The Endangered Species Act (ESA) requires the development of recovery plans for listed species unless such a plan would not promote the conservation of a particular species. Section 4(f) of the ESA requires that public notice and an opportunity for public review and comment be provided during recovery plan development. The Draft Recovery Plan for Phlox hirsuta (Yreka Phlox) was available for public comment from July 19, 2004, through October 18, 2004 (69 FR 43009). Information presented during the public comment period has been considered in the preparation of this final recovery plan, and is summarized in Appendix 8 of the recovery plan.

Phlox hirsuta was listed as endangered in 2000 (65 FR 5268). Critical habitat has not been designated for this species. Phlox hirsuta is endemic to serpentine soils, and is known from only five separate locations that are separated by a minimum of 0.55 miles (0.88 kilometers). Distribution of Phlox hirsuta within these occurrences ranges from scattered plants to numerous discrete suboccurrences that are found on lands owned and managed by the City of Yreka, the U.S. Forest Service, California Department of Transportation, industrial timber companies, and private landowners.

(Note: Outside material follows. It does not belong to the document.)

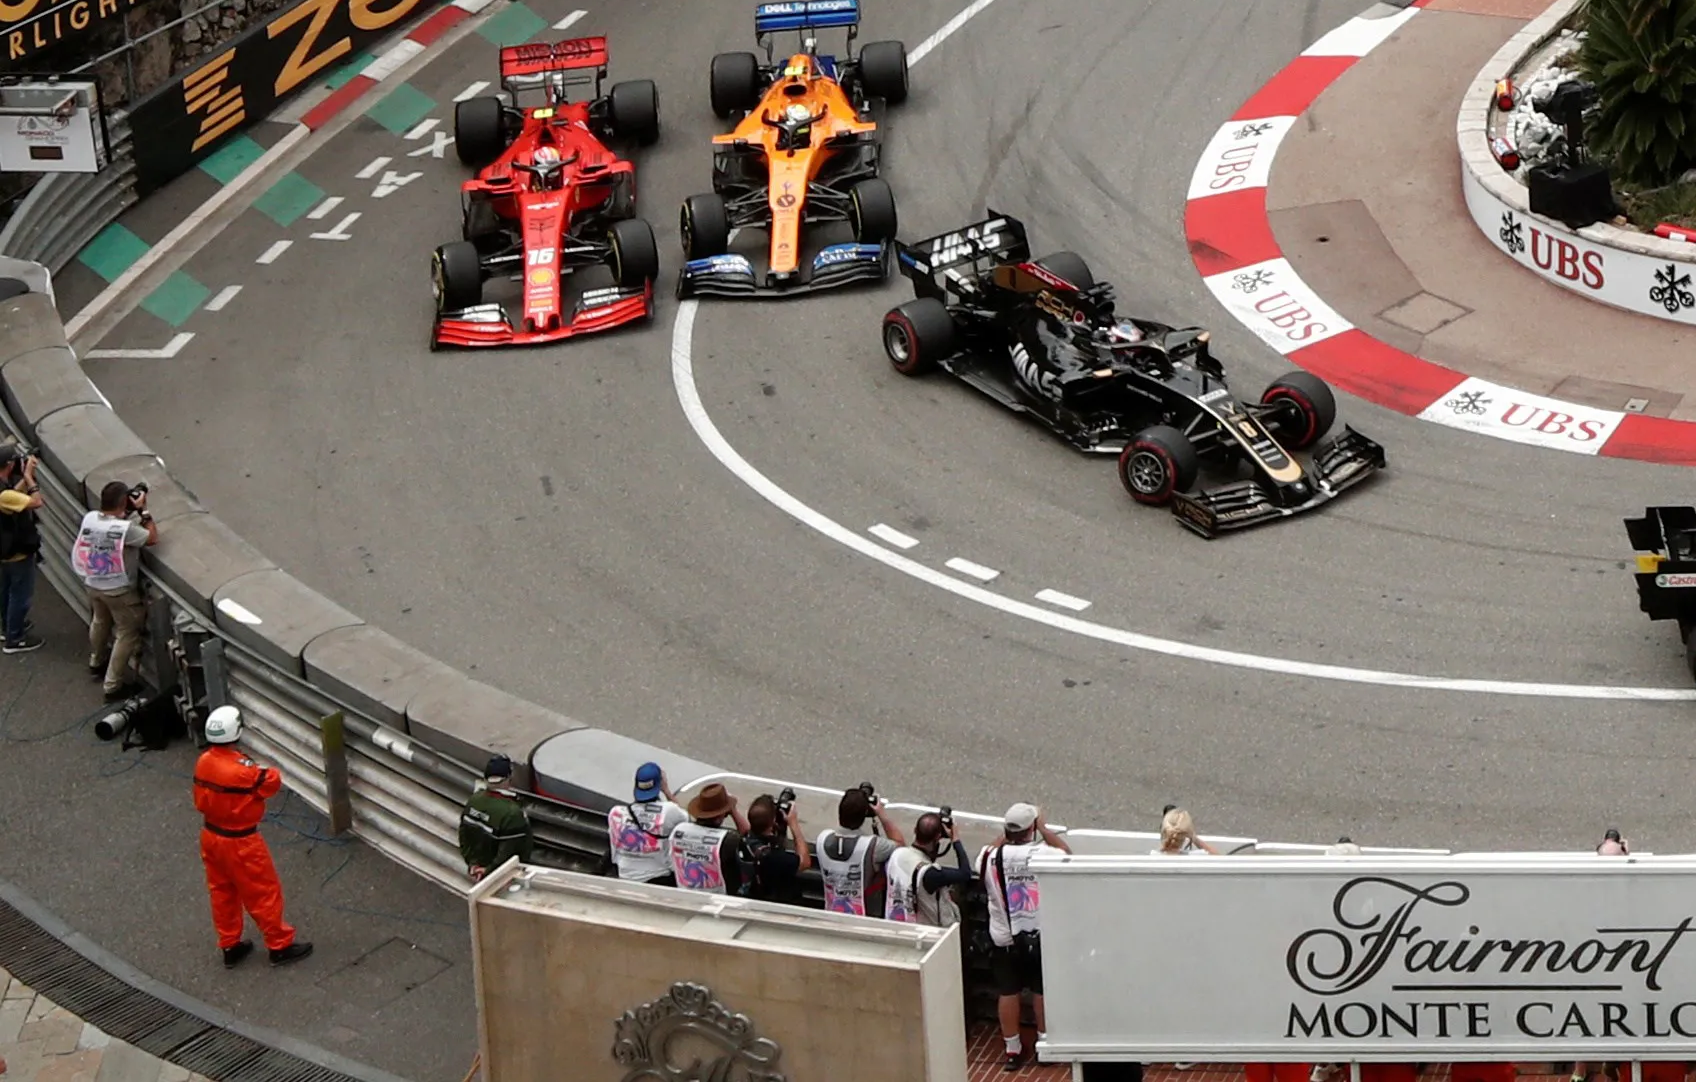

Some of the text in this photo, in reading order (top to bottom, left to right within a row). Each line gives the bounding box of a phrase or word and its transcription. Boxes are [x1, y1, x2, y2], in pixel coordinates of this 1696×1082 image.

Phlox hirsuta is threatened by alteration or destruction of habitat resulting from residential development, logging, fire suppression activities, ongoing highway maintenance or construction activities, off-road vehicle use, illegal collection, and vandalism. Other threats include competition with exotic plants, herbicide application, grazing by domestic animals, inadequate existing regulatory mechanisms, and potential extirpation as a result of random events.

The objective of this recovery plan is to provide a framework for the recovery of Phlox hirsuta so that protection by the ESA is no longer necessary. This recovery plan establishes criteria necessary to accomplish downlisting and eventually delisting of Phlox hirsuta. The criteria for downlisting to threatened status are that: (1) Four occurrences (two of which must be the China Hill and Soap Creek Ridge occurrences) have secure permanent protection (legally-binding arrangements that ensure management for the benefit of Phlox hirsuta in perpetuity), and (2) a Phlox hirsuta seed bank and effective propagation techniques have been established. The criteria for delisting are: (1) The reclassification criteria for downlisting have been met, and (2) two additional occurrences have been located and permanently protected, or 10 years of demographic research and/or quantitative monitoring at four protected occurrences has indicated that plant population size has not declined more than 10 percent at any occurrence (total change between year 0 and year 10).


The authority for this action is section 4(f) of the Endangered Species Act, 16 U.S.C. 1533(f).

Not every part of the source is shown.